All employees with more than six months' service now have the right to request flexible working hours.

The government has extended the right previously reserved for carers and those looking after children, meaning 20 million people could now be eligible. 

As a specialist technology recruitment consultancy, IntaPeople welcomes this change.

We work in a number of sectors where IT staff might work from home for a certain number of days per week.

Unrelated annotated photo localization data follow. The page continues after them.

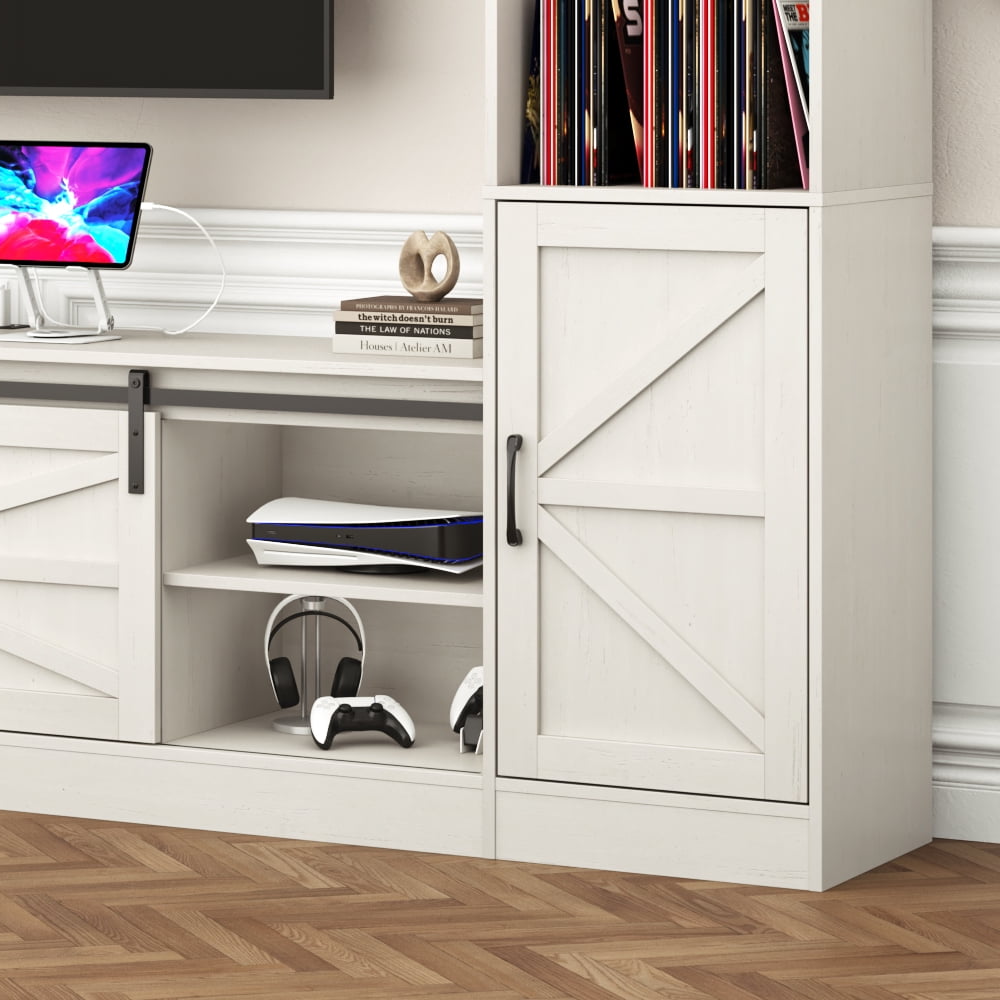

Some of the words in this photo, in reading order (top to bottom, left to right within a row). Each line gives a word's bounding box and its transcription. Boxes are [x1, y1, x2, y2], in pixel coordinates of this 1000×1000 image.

[358, 313, 372, 321] the
[373, 313, 397, 322] witch
[399, 314, 431, 323] doesn't
[432, 315, 454, 324] burn
[360, 325, 376, 333] THE
[414, 327, 451, 335] NATIONS
[360, 340, 393, 351] Houses
[400, 340, 431, 353] Atelier
[433, 343, 452, 353] AM

Thanks to advances in technology and connectivity this is now easier for employers to implement and monitor and it can boost productivity. 

It can also remove the need for unnecessary long commutes and allow staff to work around the clock at times which suit them, rather than within core working hours.

Many technology businesses with whom IntaPeople works will appreciate the benefits of flexible working: how it can help morale and productivity.  It could also be vital to retaining and attracting talent, for example those who may want the freedom to work long into the night.

However, there might be a degree of doubt as to how requests are considered.  What exactly constitutes “consideration in a reasonable manner" by employers?  Addressing such uncertainties or inconsistencies might add to concerns about the extra administrative burden placed on small businesses.

Some businesses will be more challenged in offering flexible working because of business hours, associated costs and effectively balancing human resources.  Furthermore, while morale could be improved in some cases, there will be dangers of a negative impact in less mutually acceptable cases where requests are declined.